Records contained in a dataset
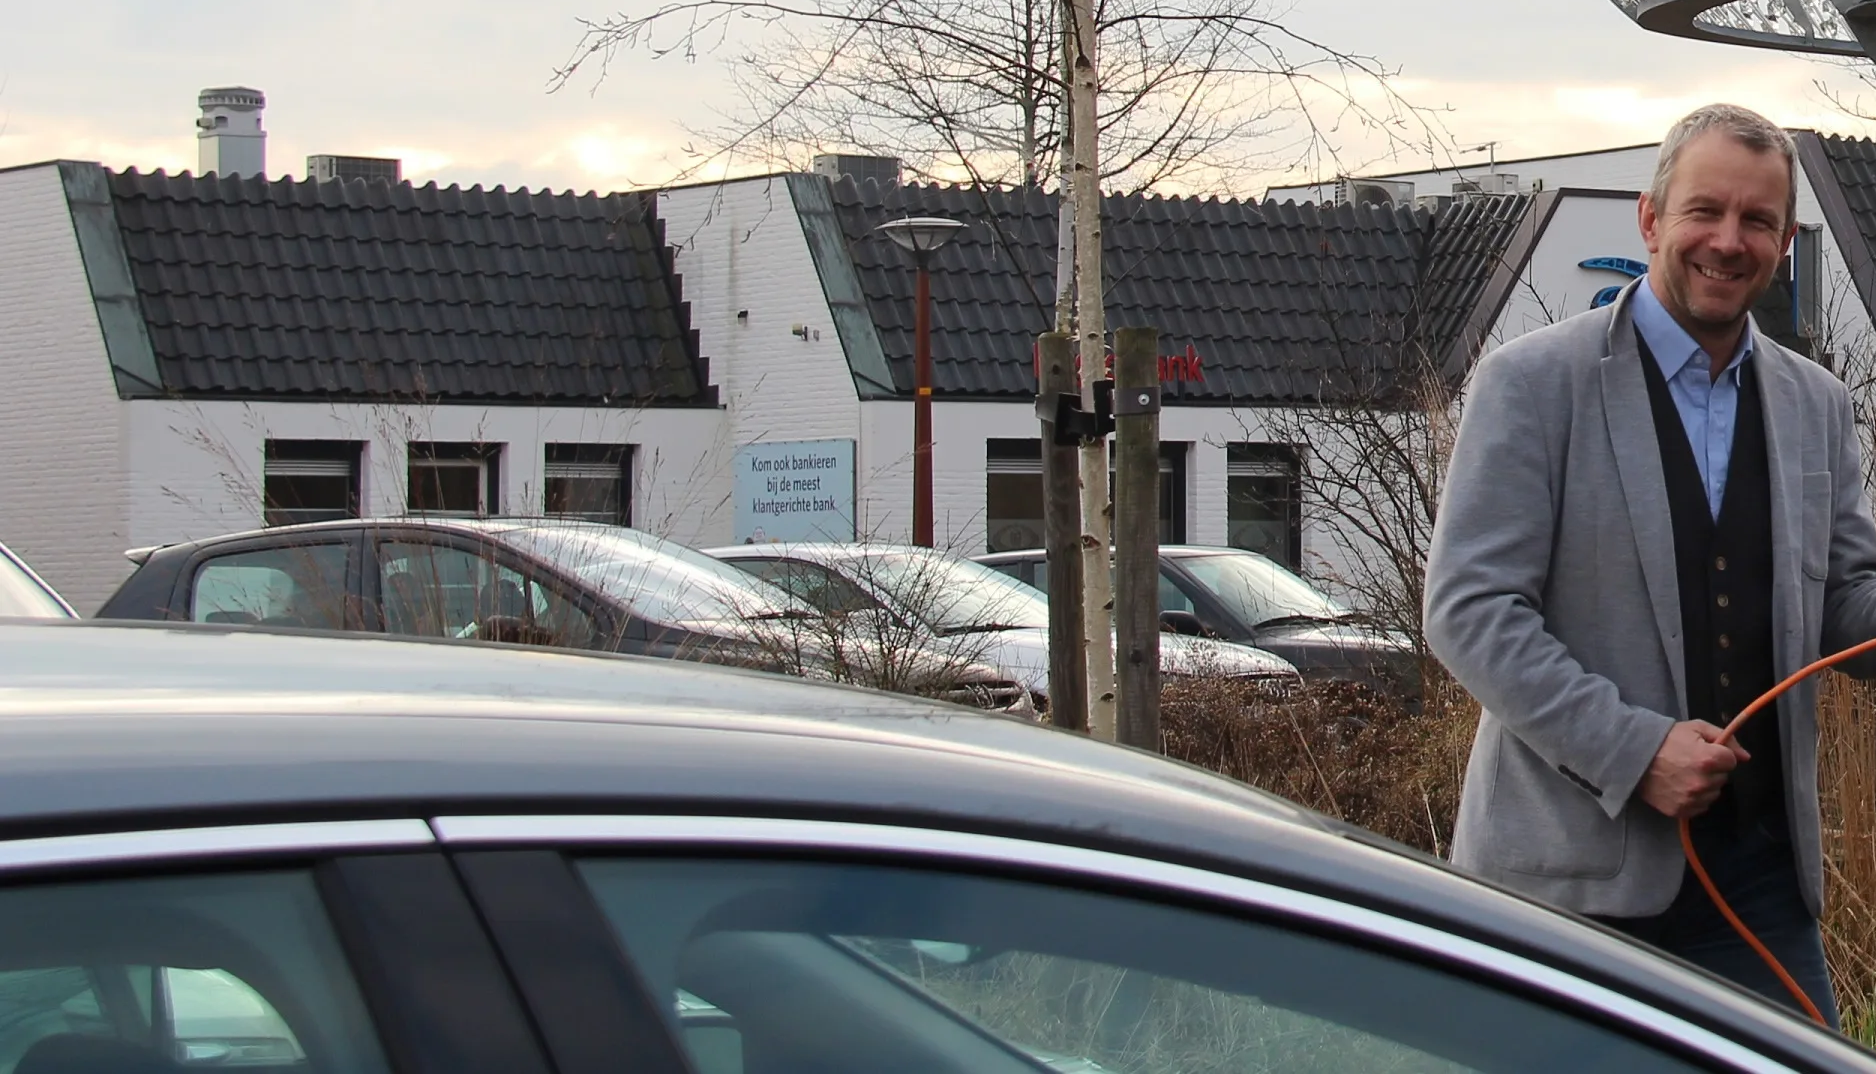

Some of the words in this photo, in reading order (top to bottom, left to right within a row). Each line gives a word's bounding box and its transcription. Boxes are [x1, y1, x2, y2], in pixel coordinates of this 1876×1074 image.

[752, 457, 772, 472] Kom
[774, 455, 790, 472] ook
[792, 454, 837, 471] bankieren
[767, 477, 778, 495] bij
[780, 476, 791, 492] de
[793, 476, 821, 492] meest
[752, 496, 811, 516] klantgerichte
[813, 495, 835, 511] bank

> _INSTRUCTIONS FOR THE TASK_: Before printing the records again, strip out the pictures; change nothing else.

> _RESPONSE TO THE TASK_:
Some of the words in this photo, in reading order (top to bottom, left to right within a row). Each line gives a word's bounding box and its transcription. Boxes are [x1, y1, x2, y2], in pixel coordinates of this 1876×1074 image.

[752, 457, 772, 472] Kom
[774, 455, 790, 472] ook
[792, 454, 837, 471] bankieren
[767, 477, 778, 495] bij
[780, 476, 791, 492] de
[793, 476, 821, 492] meest
[752, 496, 811, 516] klantgerichte
[813, 495, 835, 511] bank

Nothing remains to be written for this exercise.